Forasmuch as thou hast offended me …
Mayest thou stub thy toe; yea, most grievously mayest thou stub it.
May the stars of heaven observe thee, and snicker. May thy knees swell mightily, even unto the size of watermelons. Mayest thou lisp.
May the telephone marketers of all the world be as a buzzing perpetually in thine ears. Mayest thou be the butt of the humour of small children.
Mayest thou develop a slight, nagging itch in thy crotch. As thou scratchest it, mayest thou realise that thou art being televised live to an audience of millions.
May typhoons strike thy home; may meteorites strike thy pets; and may hiccoughs strike thine aunt.

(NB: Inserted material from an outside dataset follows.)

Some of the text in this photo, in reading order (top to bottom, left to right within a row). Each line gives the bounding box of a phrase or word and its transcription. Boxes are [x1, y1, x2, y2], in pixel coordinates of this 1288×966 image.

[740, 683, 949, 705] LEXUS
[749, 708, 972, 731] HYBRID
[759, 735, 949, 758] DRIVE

To the utmost ends of the world, yea, even unto Pittsburgh, may thy creditors pursue thee. If thou hast no creditors, mayest thou acquire creditors. May thy creditors be seven feet tall, and weigh two hundred and fifty pounds, and be named “Bo.”

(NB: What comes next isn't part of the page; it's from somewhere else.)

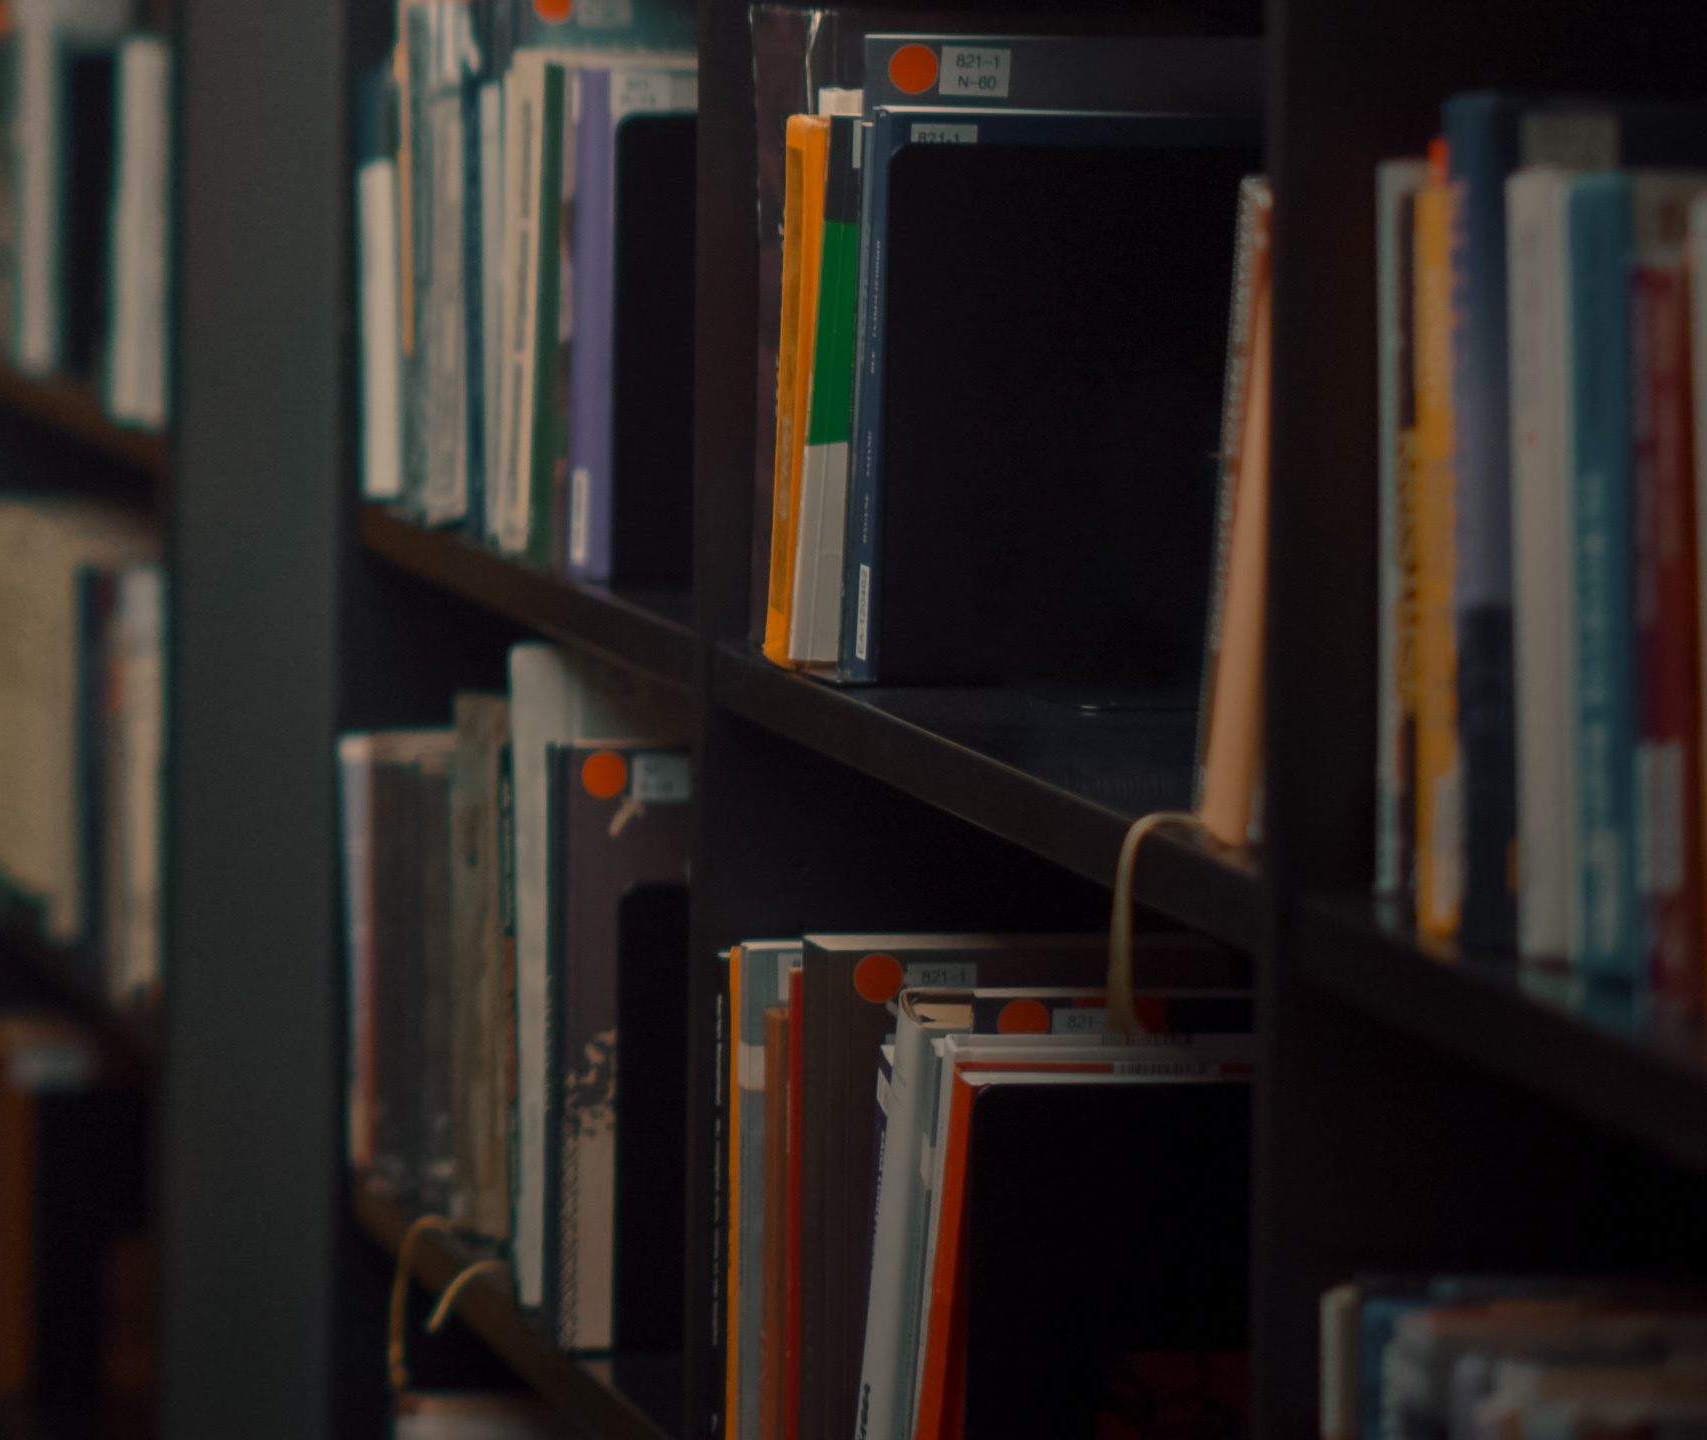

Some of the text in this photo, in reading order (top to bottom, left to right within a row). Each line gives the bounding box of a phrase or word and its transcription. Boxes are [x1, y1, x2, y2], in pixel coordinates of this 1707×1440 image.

[956, 54, 1000, 69] 821-1
[958, 75, 996, 89] N-60
[922, 969, 967, 983] 821-1
[1067, 1016, 1108, 1029] 821-

Let the flowers that delight thy nose wither. May thy toaster always overcook thy bread. May thy cheese develop mould, and thy beans small, suspicious-looking hairs. May thy gherkins leak.
An hundred years after thy death, yea, even a thousand, may people hear thy name and think, “Verily, he was a right rutabaga.” May Congress pass laws against thee.
Dear Jesus, my brother, remind us daily of the power of our words.